When and how I roll: Ideally, before and after a workout, and a couple of hours before bedtime. Let's face it, though: it's pretty difficult to find that kind of time. The idea behind self myofascial release is that everything is connected, so you should work out all the knots rather than focusing on just the problem areas.
As someone who has dealt with her share of compensatory injuries, this makes sense to me. At least three times a week, I make it a point to do the entire series of manipulations in the accompanying Ultimate 6 manual, plus a few more I found on TriggerPoint Therapy's YouTube channel to target other problem areas.
As I'm a geek-by-marriage, my husband and I have been watching the original Star Trek series throughout the summer: Television watching is a great time to work through the manipulations, because it offers the added bonus of less time spent sitting, thus aggravating my back condition. If I only have a few minutes before a workout, I'll prioritize the manipulations: piriformis, hamstrings, thoracic, quads.
The TriggerPoint Massage Ball has been a revelation to me: in the past, I've used a tennis ball as a practically free alternative. I thought the massage ball would feel the same. It did not; it was much more effective. It felt as though I had never released the piriformis before, and I had to make sure to breathe deliberately through the manipulations. I felt immediate relief in my glute and sciatic nerve.

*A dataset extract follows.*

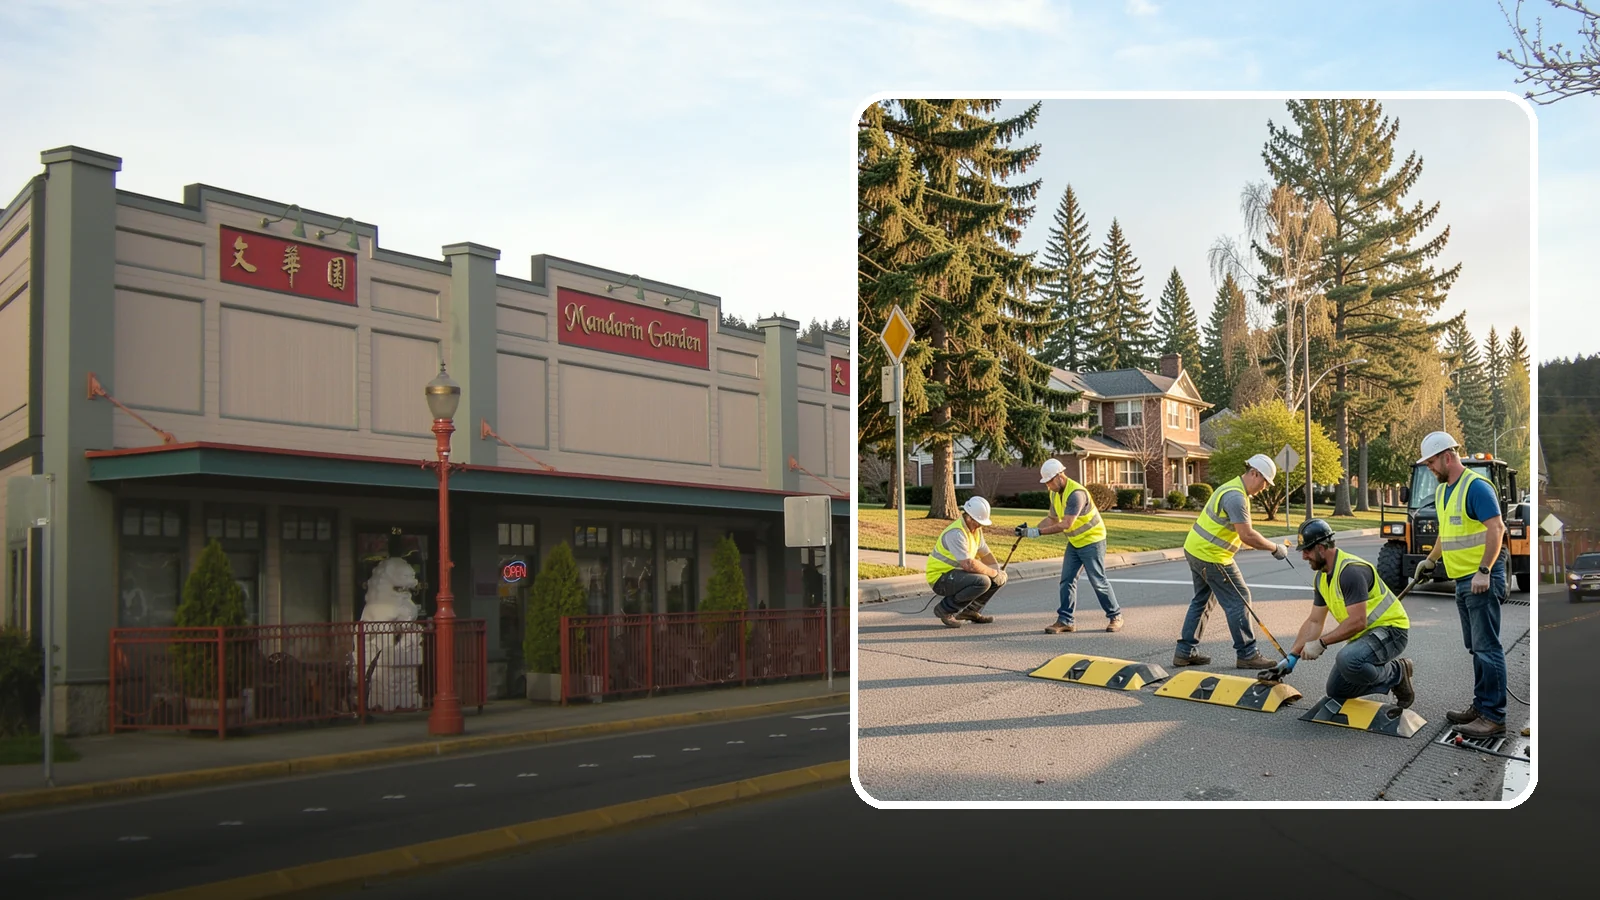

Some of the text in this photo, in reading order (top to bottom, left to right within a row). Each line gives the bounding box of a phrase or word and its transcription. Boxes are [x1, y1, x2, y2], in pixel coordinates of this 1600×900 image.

[230, 235, 346, 291] 文華園
[565, 302, 701, 352] Mandarin Garden
[503, 565, 527, 578] OPEN

The goal with chronic sciatica is to keep the nerve pain from traveling down the leg: the closer you can keep it to the top of the leg and glute, the better. Since I've been using the massage ball, there are times I don't even notice sciatic discomfort. It's really convenient, too. It doesn't take more than a couple of minutes to roll out the tender spots, so there are times I'll use it more than once each day on the piriformis area. The more time I've spent using it, the fewer tight spots I have in my glutes and hips: after weeks of using it, sometimes it's harder to find tight spots to work on!
What else works physically: I've been working on strengthening my core muscles: lots of planks, lunges, and bridges. I stretch by doing several sets of hamstring glides and press ups. What also works is what I avoid: stretches and strength exercises that involve bending or folding at the waist can put an unnecessary strain on my lower back. At this point, I'm able to engage in the occasional yoga or Pilates class but if something doesn't feel right or I notice additional pain after, I stop doing it. One of my favorite strength exercises is a bent over dumbell row, but it's also at the top of my Exercises to Avoid list: one set, and I'll pay for it for several days.

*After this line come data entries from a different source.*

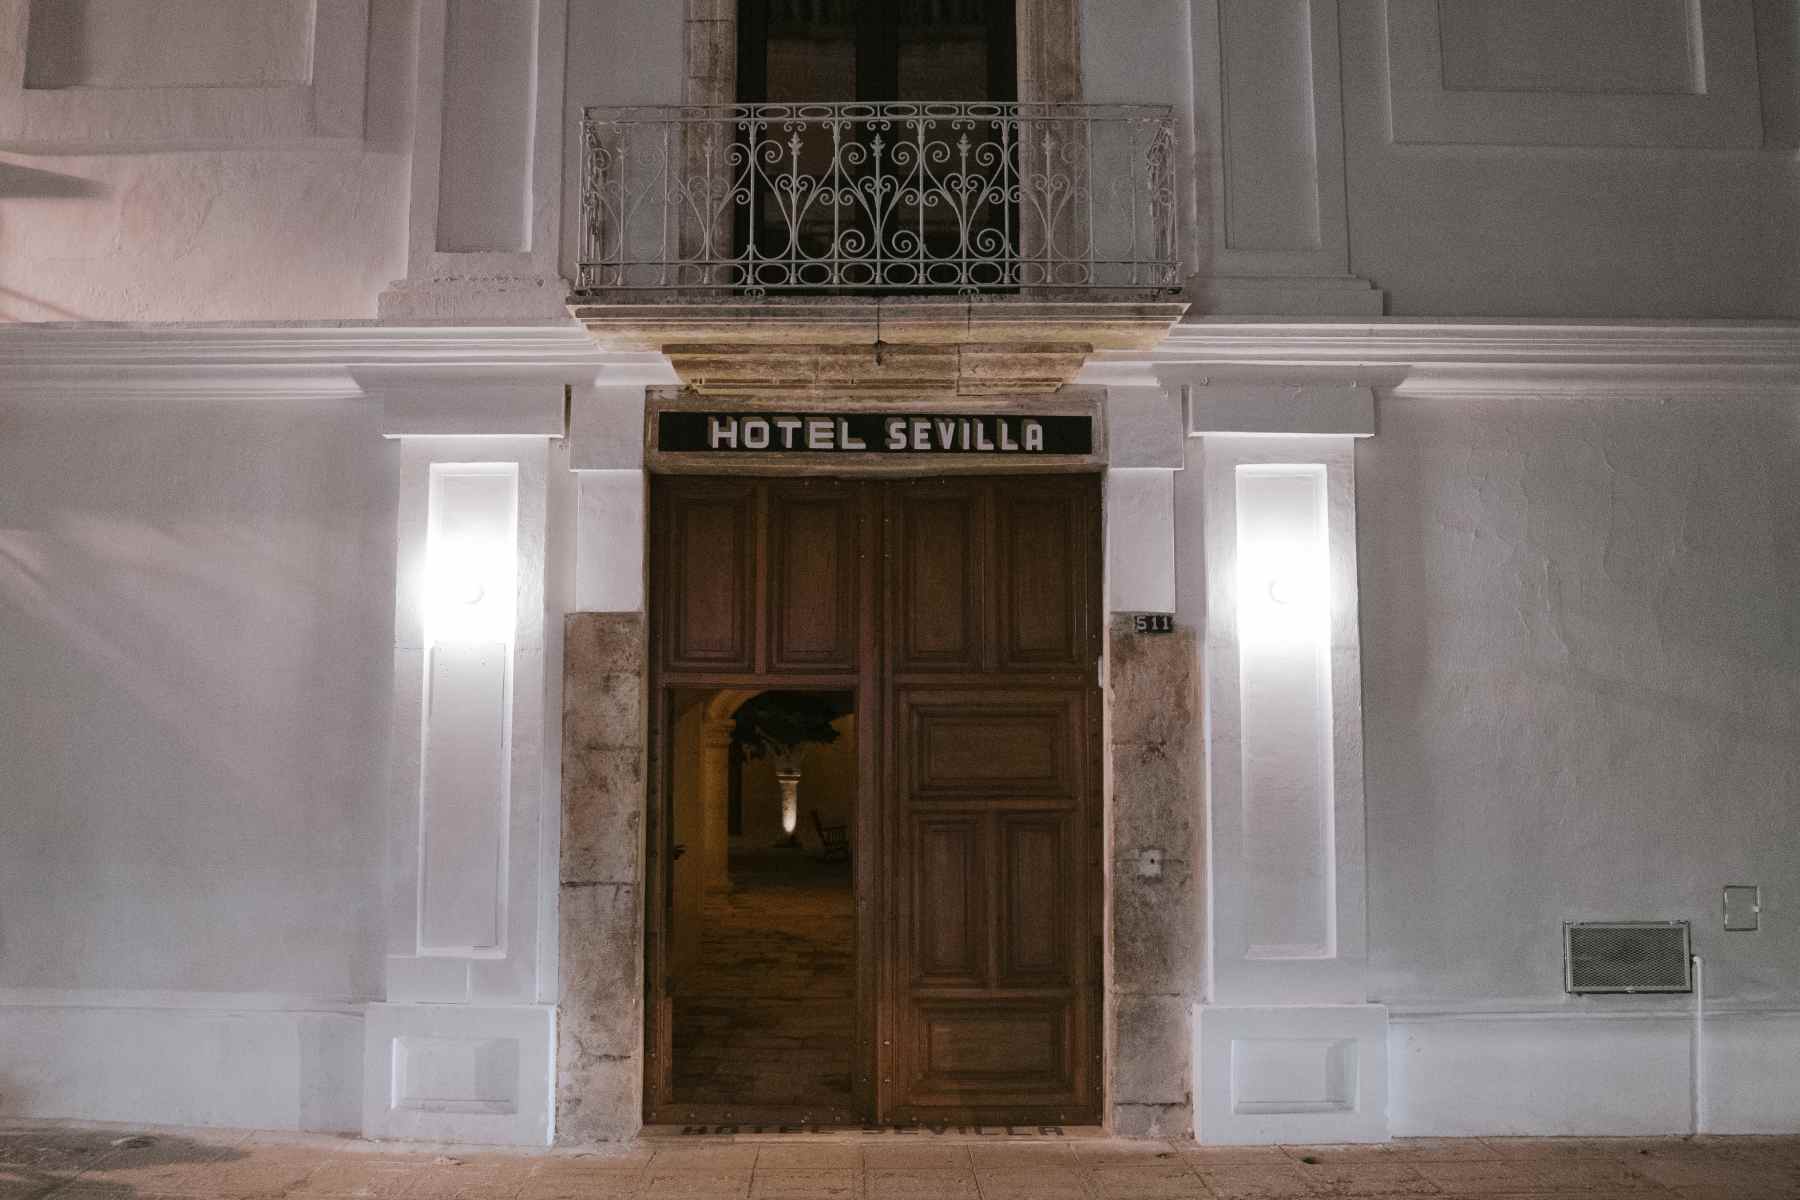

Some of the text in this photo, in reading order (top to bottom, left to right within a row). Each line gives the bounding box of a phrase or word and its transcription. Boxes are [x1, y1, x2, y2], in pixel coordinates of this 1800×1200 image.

[709, 419, 1044, 451] HOTEL SEVILLA
[1136, 615, 1169, 630] 511
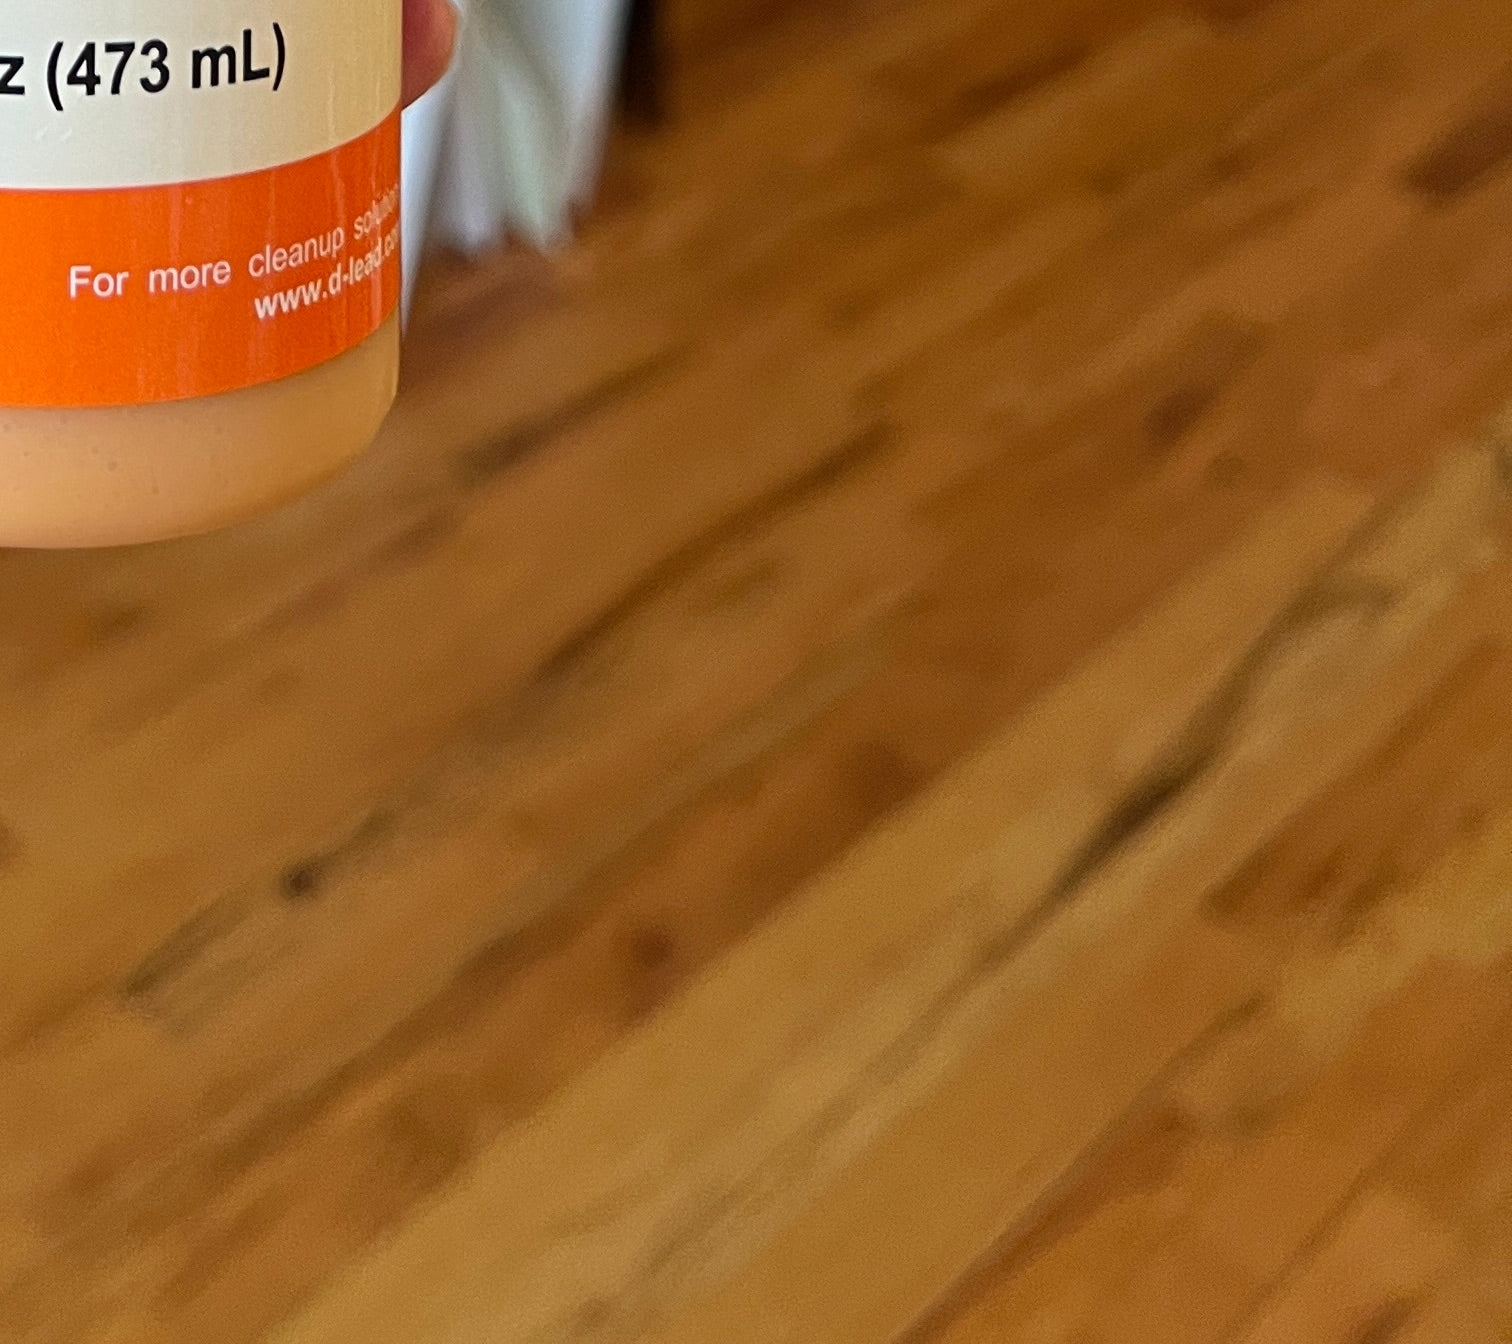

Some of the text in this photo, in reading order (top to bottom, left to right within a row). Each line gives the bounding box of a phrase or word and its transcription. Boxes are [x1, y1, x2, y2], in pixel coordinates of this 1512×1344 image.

[46, 40, 170, 112] (473
[191, 22, 288, 91] mL)
[69, 226, 345, 298] For more cleanup

If I feel like I'm overdoing it, I'll replace a run with a session of pool running. In fact, I try to do this on a regular basis because I think it's a great workout—even if it's much less fun than a run outside.
Limiting the time I spend sitting also helps, and I figure this is a good choice for overall health. I used to park myself at the dining room table or on the sofa while I used my portable computer: now, I’m more likely to be found in my “office” at the end of the kitchen counter.
How I'll avoid sciatica in the future: Well, it's not like disc degeneration is going to go away. Although I can't claim that I never slack on keeping up with stretching, strengthening and rolling, I'm pretty good about listening to my body and staying consistent in the big picture. I'm happy to say that I've been able to manage my sciatic and back discomfort so that it hasn't interfered with my running or worsened over time. Adding the TriggerPoint Ultimate 6 to my arsenal of tricks has lessened my discomfort, and I'm certain it's improved my hip mobility.
Have you had—or have—sciatica? What kinds of things bring you relief?